**ASSIGNMENT:** Once you have read the records below, restate them word for word.

**SUPPLIED MATERIAL:**
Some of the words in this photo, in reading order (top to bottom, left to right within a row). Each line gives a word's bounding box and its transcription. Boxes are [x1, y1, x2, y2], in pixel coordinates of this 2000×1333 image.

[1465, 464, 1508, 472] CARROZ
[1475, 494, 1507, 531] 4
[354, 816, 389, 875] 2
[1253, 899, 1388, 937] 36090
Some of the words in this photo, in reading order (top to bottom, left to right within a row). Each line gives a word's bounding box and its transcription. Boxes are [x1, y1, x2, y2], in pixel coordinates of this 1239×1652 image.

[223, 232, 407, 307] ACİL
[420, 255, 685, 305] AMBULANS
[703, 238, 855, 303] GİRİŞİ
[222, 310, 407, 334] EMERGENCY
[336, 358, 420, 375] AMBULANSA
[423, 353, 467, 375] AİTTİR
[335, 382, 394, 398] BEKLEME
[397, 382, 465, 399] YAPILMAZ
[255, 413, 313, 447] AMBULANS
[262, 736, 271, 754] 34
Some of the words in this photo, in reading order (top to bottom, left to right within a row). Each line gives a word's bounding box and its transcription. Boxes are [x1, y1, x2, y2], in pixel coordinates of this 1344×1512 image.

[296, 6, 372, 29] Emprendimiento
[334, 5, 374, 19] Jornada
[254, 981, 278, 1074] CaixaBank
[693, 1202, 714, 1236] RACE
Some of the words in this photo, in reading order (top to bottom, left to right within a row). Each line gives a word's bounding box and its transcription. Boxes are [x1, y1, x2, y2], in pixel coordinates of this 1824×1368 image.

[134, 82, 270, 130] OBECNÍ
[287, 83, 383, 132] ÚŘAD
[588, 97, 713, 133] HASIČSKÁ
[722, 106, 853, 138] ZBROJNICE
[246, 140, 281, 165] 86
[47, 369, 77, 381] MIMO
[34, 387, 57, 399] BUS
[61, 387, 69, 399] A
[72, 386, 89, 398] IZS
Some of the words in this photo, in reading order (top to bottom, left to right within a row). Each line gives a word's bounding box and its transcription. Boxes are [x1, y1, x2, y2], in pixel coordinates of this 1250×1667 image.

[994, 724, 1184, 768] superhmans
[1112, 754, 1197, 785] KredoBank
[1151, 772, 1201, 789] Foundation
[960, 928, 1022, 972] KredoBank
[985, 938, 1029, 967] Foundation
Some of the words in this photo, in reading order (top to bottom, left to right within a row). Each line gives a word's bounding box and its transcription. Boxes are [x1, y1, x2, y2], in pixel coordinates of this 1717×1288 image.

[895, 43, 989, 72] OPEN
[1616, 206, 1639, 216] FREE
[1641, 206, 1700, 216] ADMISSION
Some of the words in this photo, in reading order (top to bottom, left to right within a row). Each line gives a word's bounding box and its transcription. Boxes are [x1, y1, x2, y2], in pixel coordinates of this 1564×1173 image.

**ANSWER TO THE PROBLEM:**
Some of the words in this photo, in reading order (top to bottom, left to right within a row). Each line gives a word's bounding box and its transcription. Boxes are [x1, y1, x2, y2], in pixel coordinates of this 2000×1333 image.

[1465, 464, 1508, 472] CARROZ
[1475, 494, 1507, 531] 4
[354, 816, 389, 875] 2
[1253, 899, 1388, 937] 36090
Some of the words in this photo, in reading order (top to bottom, left to right within a row). Each line gives a word's bounding box and its transcription. Boxes are [x1, y1, x2, y2], in pixel coordinates of this 1239×1652 image.

[223, 232, 407, 307] ACİL
[420, 255, 685, 305] AMBULANS
[703, 238, 855, 303] GİRİŞİ
[222, 310, 407, 334] EMERGENCY
[336, 358, 420, 375] AMBULANSA
[423, 353, 467, 375] AİTTİR
[335, 382, 394, 398] BEKLEME
[397, 382, 465, 399] YAPILMAZ
[255, 413, 313, 447] AMBULANS
[262, 736, 271, 754] 34
Some of the words in this photo, in reading order (top to bottom, left to right within a row). Each line gives a word's bounding box and its transcription. Boxes are [x1, y1, x2, y2], in pixel coordinates of this 1344×1512 image.

[296, 6, 372, 29] Emprendimiento
[334, 5, 374, 19] Jornada
[254, 981, 278, 1074] CaixaBank
[693, 1202, 714, 1236] RACE
Some of the words in this photo, in reading order (top to bottom, left to right within a row). Each line gives a word's bounding box and its transcription. Boxes are [x1, y1, x2, y2], in pixel coordinates of this 1824×1368 image.

[134, 82, 270, 130] OBECNÍ
[287, 83, 383, 132] ÚŘAD
[588, 97, 713, 133] HASIČSKÁ
[722, 106, 853, 138] ZBROJNICE
[246, 140, 281, 165] 86
[47, 369, 77, 381] MIMO
[34, 387, 57, 399] BUS
[61, 387, 69, 399] A
[72, 386, 89, 398] IZS
Some of the words in this photo, in reading order (top to bottom, left to right within a row). Each line gives a word's bounding box and its transcription. Boxes are [x1, y1, x2, y2], in pixel coordinates of this 1250×1667 image.

[994, 724, 1184, 768] superhmans
[1112, 754, 1197, 785] KredoBank
[1151, 772, 1201, 789] Foundation
[960, 928, 1022, 972] KredoBank
[985, 938, 1029, 967] Foundation
Some of the words in this photo, in reading order (top to bottom, left to right within a row). Each line gives a word's bounding box and its transcription. Boxes are [x1, y1, x2, y2], in pixel coordinates of this 1717×1288 image.

[895, 43, 989, 72] OPEN
[1616, 206, 1639, 216] FREE
[1641, 206, 1700, 216] ADMISSION
Some of the words in this photo, in reading order (top to bottom, left to right within a row). Each line gives a word's bounding box and its transcription. Boxes are [x1, y1, x2, y2], in pixel coordinates of this 1564×1173 image.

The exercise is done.